Then there were Senneth and Kirra—different from all other women in his experience.
 
 
“I think you’re right. You shouldn’t try to find yourself a girl,” Cammon said. He was laughing again. “Just stay with your original story. Left a noble’s service and came here to look for work.”
 
 
“I think the stables will do, don’t you? Any reason I shouldn’t work with Delz?”
 
 
Cammon shook his head. “He seemed honest. Try not to intimidate him too much.”
 
 
Justin laughed. “Did I? All right, I’ll be friendlier.” He looked around the tavern, which was filling up even more as they sat there. A group of seven men settled at the last empty table, situated just inches away from theirs. “Not too friendly, though. I’m supposed to be surly.”
 
 
“I think you can pull it off,” Cammon said.
 
 
Justin laughed again, but a few minutes later they were arguing, loud enough for anyone nearby to hear. “I’m just telling you that if you would offer him an apology—” Cammon was trying to say, as Justin talked over him.
 
 
“I won’t say I’m sorry! I didn’t do anything to be ashamed of! A man has a right to stand up to another man even if he
is
a marlord from one of the Twelve Houses! Times are changing, my friend.”
 
 
“And what’s
that
supposed to mean?”
 
 
Justin nodded darkly. “You’ll see. The marlords think they own the world, think things are always going to go on like they have. But there are people who don’t want to be living on the sufferance of the Twelve Houses. They’re going to take what should have been theirs all along.”
 
 
Cammon slapped a hand on the table. “I am so tired of all your vague talk of war.”
 
 
“Well, it won’t be vague for long. You’ll see.”
 
 
“So—what? You’re just going to keep riding around Gillengaria, looking for other malcontents? Come home, Justin.

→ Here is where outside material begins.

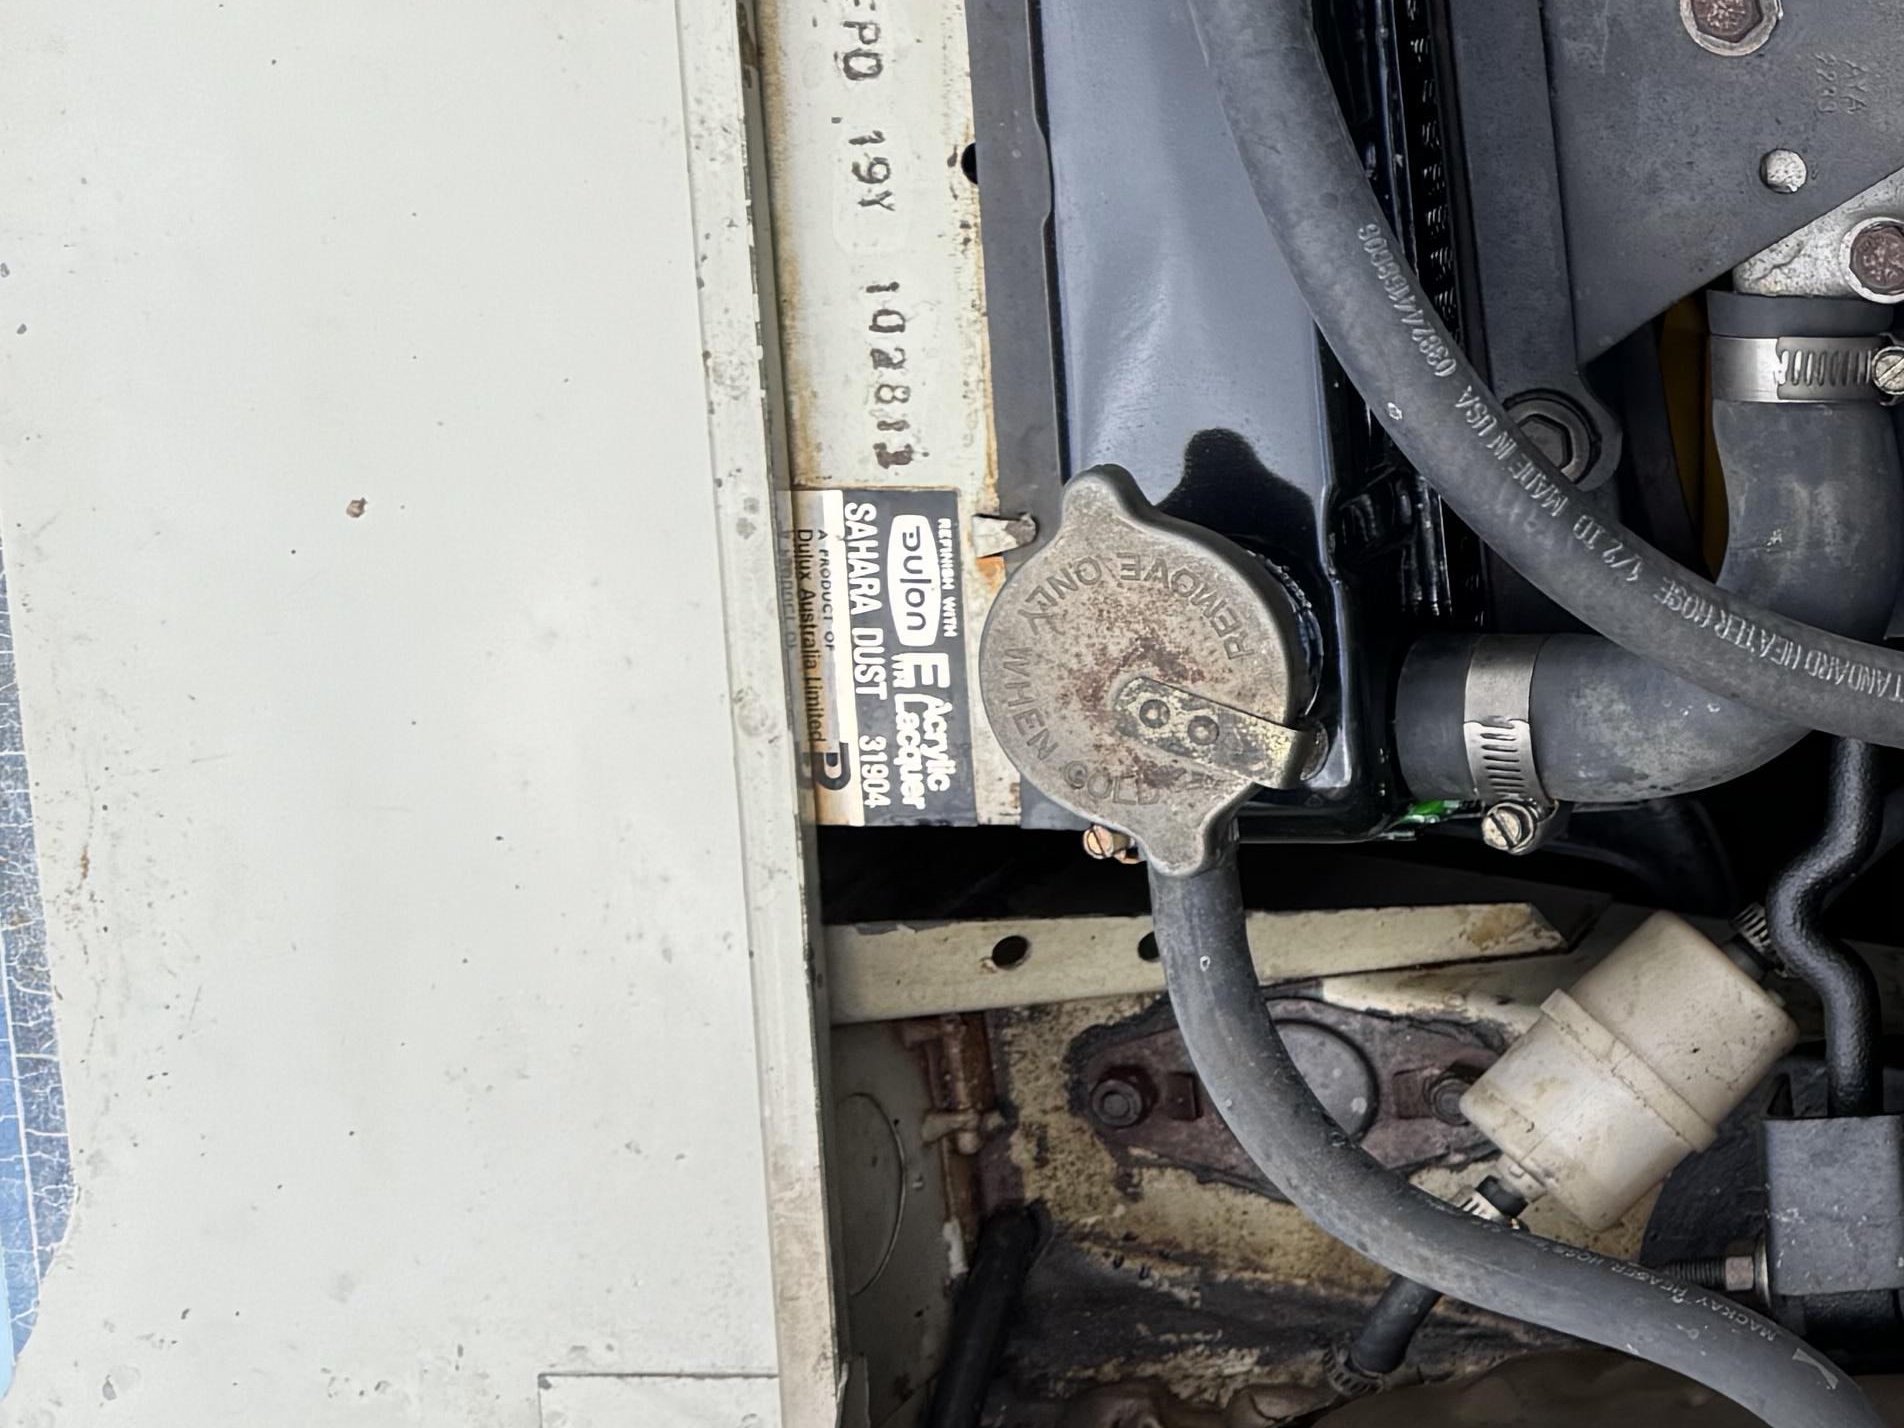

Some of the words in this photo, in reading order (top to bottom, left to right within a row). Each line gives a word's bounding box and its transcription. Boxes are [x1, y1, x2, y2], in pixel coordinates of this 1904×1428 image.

This can all be worked out.”
 
 
“No, I
won’t
come home! You’ve been a good friend to me, but you don’t understand. I’ve left that life. You go on in the morning, but I’m staying here. Or I’ll find some other place. Someplace they’re not in fear of the Twelve Houses,” he added with a snarl.
 
 
Their quarrel had drawn the attention of the men at the adjoining tables, and from across the room, Justin could see the blond waitress watching them with a worried look. She didn’t seem to like loud, outspoken men. Good.
 
 
A patron sitting with the group of seven now leaned over to give Justin a nod and a serious look. “Plenty of men in Neft who aren’t afraid of the marlords,” he said. “This’d be a good place to settle down.”
 
 
“Well, if I can find work,” Justin said crossly.
 
 
“Always looking for men over at the convent,” one of his tablemates said. “Any good with a sword?”
 
 
“I can fight some,” Justin said. “But I just left one civil guard. Don’t feel like shackling myself to a captain again anytime soon.”
 
 
“Other work to be had in Neft,” the first man said. “Good place to be—if war really does come.”
 
 
Justin lifted his glass in a toast. “Oh, it’ll come,” he said. “About time, too.”
 
 
The other men raised their glasses and drank in agreement, then turned back to their own conversation. Justin caught Cammon’s eye and nodded infinitesimally. That had been just enough. Any more ranting would draw too much attention. He just wanted to have a story in place, a persona that had been shaped from the very first moment he rode into town, in case anyone seemed interested in him later and started investigating. He stood, tossing coins to the table, and turned to go, Cammon right behind him. Then he paused and turned back to the table of seven men.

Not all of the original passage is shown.